Dataset records
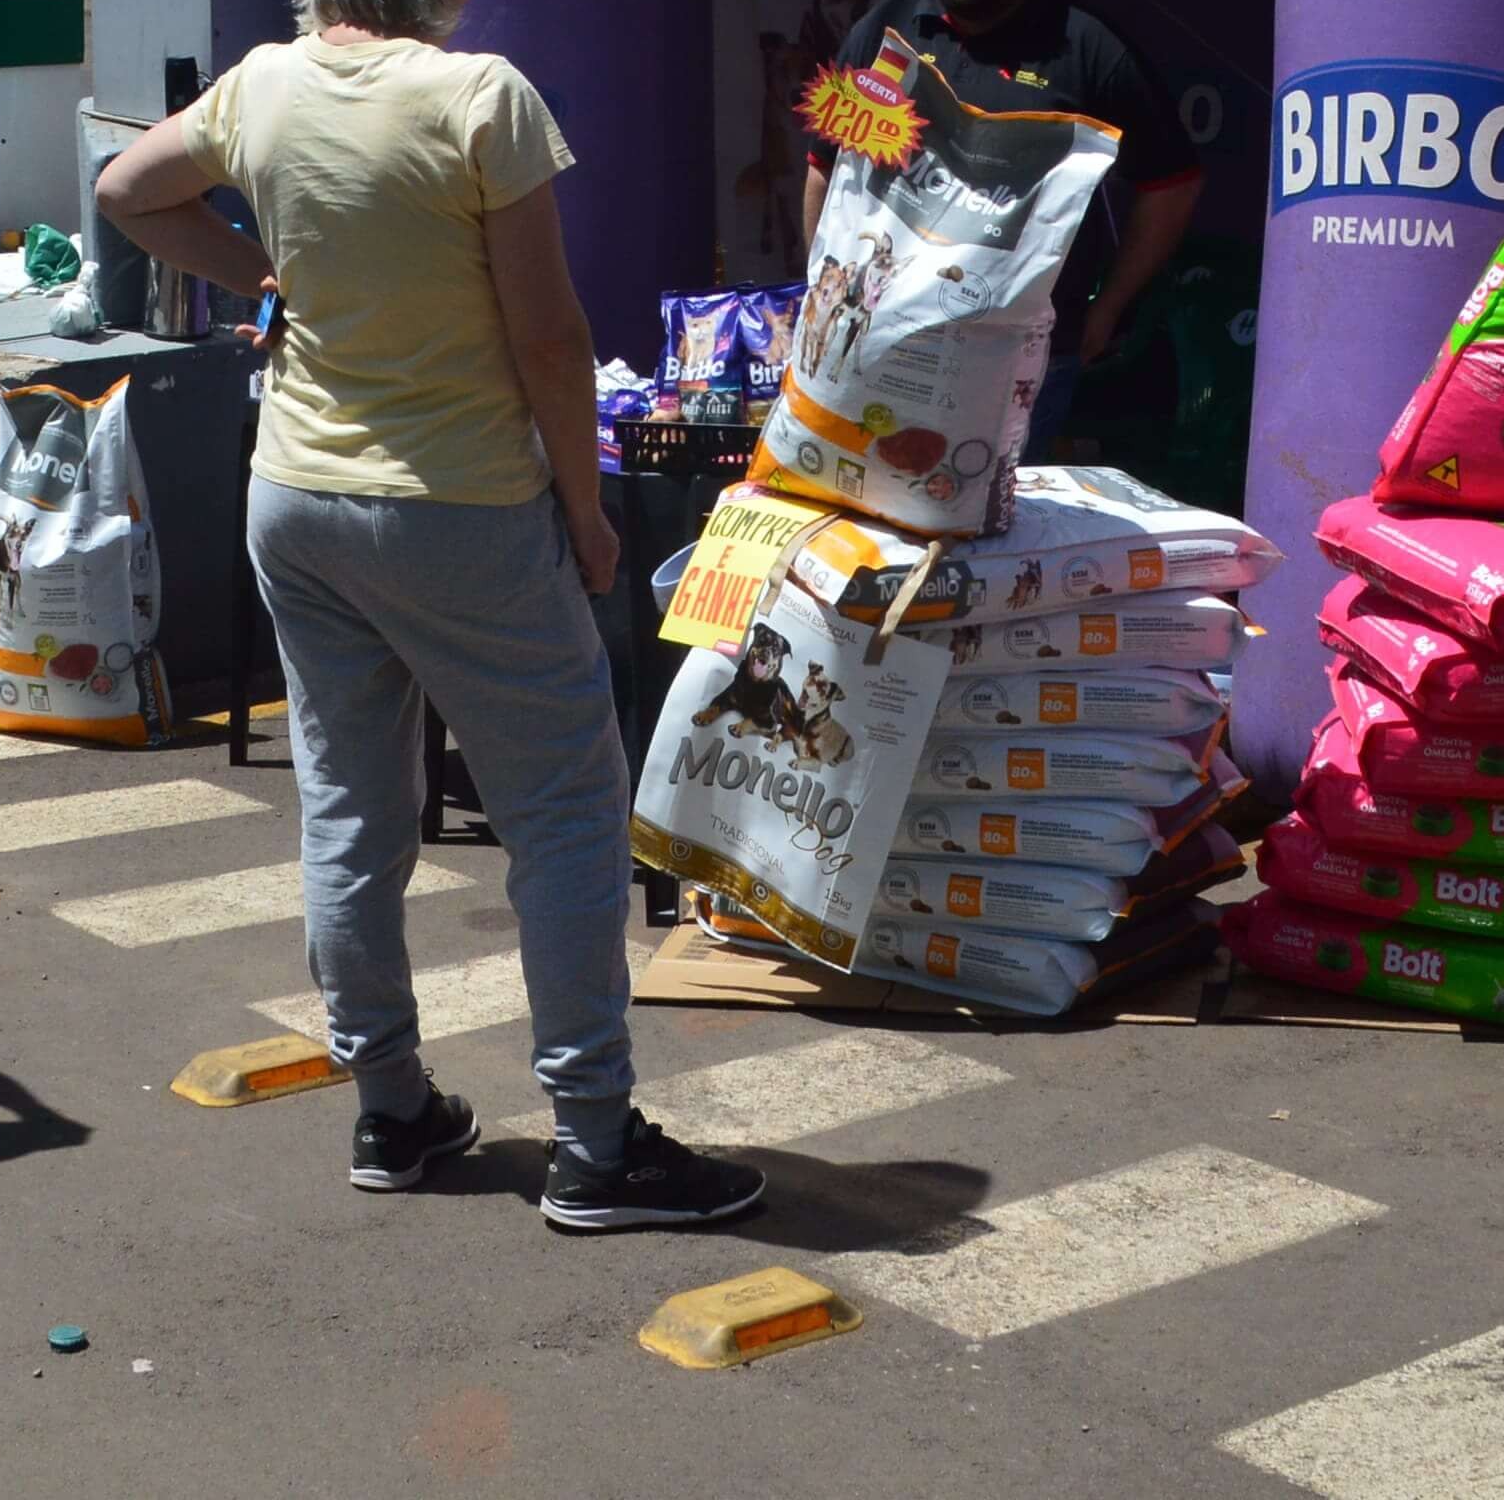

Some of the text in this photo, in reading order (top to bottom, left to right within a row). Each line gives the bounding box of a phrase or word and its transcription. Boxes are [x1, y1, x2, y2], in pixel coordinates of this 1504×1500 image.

[857, 74, 898, 104] OFERTA
[984, 223, 1002, 237] GO
[1311, 216, 1455, 250] PREMIUM
[708, 504, 804, 548] COMPRE
[717, 545, 735, 569] E
[673, 566, 762, 630] GANHE
[880, 575, 960, 600] Mello
[669, 736, 854, 839] Monello
[791, 820, 853, 875] Dog
[1436, 872, 1500, 908] Bolt
[1384, 944, 1443, 982] Bolt
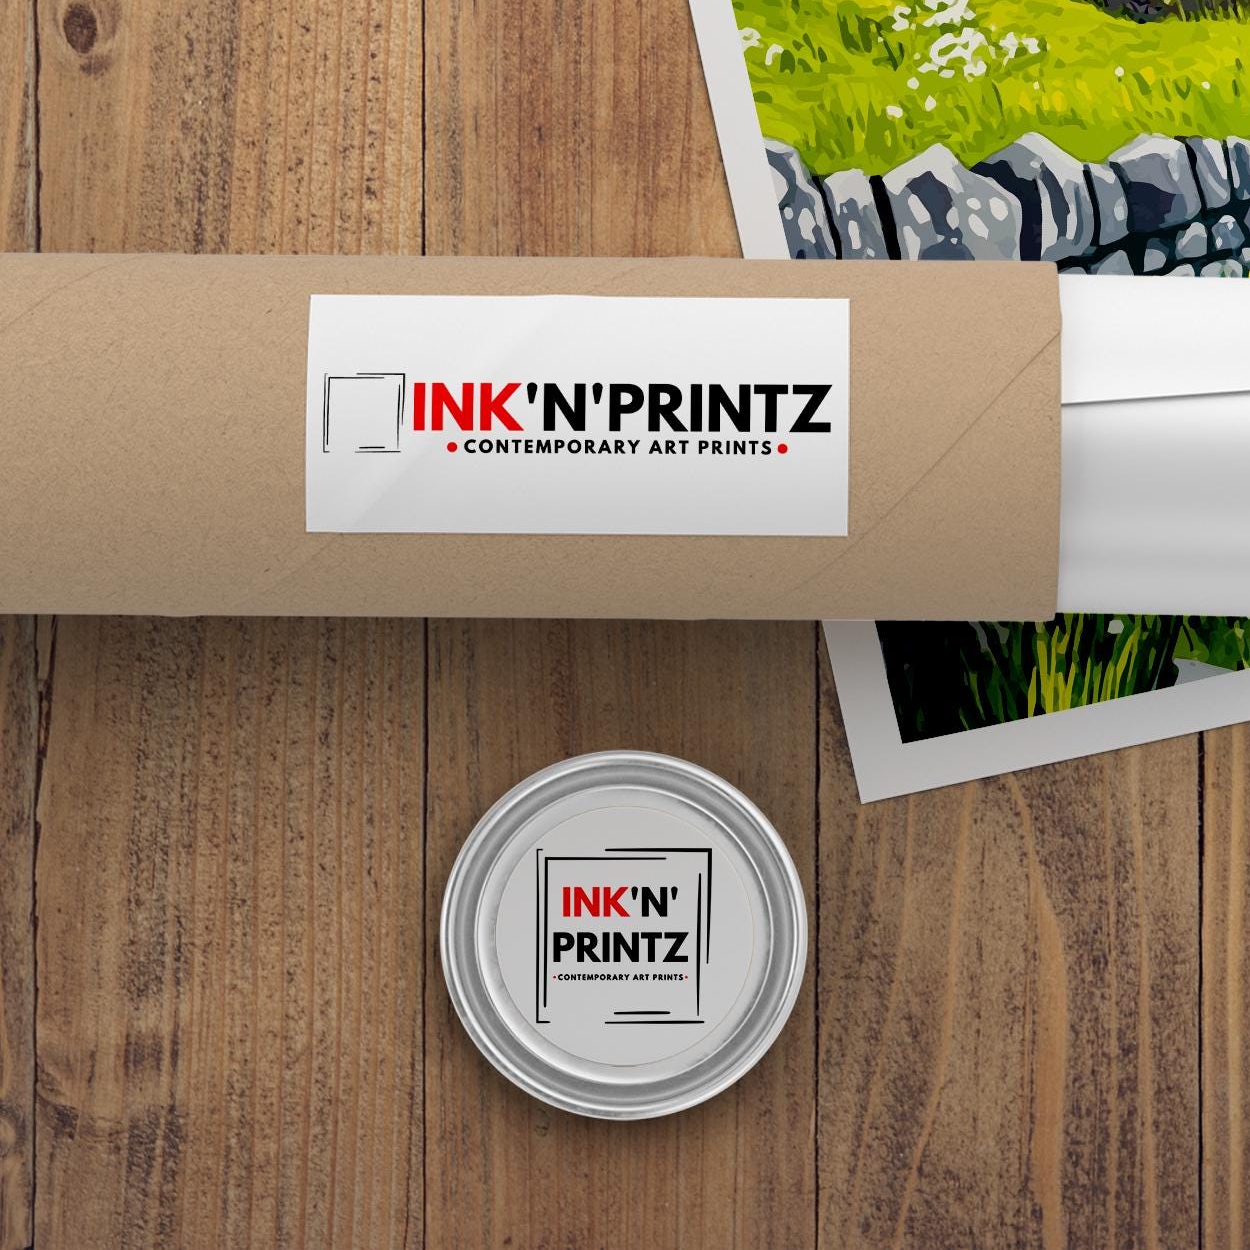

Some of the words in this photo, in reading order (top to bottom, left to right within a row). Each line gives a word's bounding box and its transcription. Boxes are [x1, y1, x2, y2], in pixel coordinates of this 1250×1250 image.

TASK GOAL | Without the pictures, repeat every record above exactly as written.

SOLUTION TO THIS TASK |
Some of the text in this photo, in reading order (top to bottom, left to right within a row). Each line gives the bounding box of a phrase or word and its transcription. Boxes are [x1, y1, x2, y2], in pixel coordinates of this 1504×1500 image.

[857, 74, 898, 104] OFERTA
[984, 223, 1002, 237] GO
[1311, 216, 1455, 250] PREMIUM
[708, 504, 804, 548] COMPRE
[717, 545, 735, 569] E
[673, 566, 762, 630] GANHE
[880, 575, 960, 600] Mello
[669, 736, 854, 839] Monello
[791, 820, 853, 875] Dog
[1436, 872, 1500, 908] Bolt
[1384, 944, 1443, 982] Bolt

Some of the words in this photo, in reading order (top to bottom, left to right within a row). Each line gives a word's bounding box and its transcription. Boxes are [x1, y1, x2, y2], in pixel coordinates of this 1250×1250 image.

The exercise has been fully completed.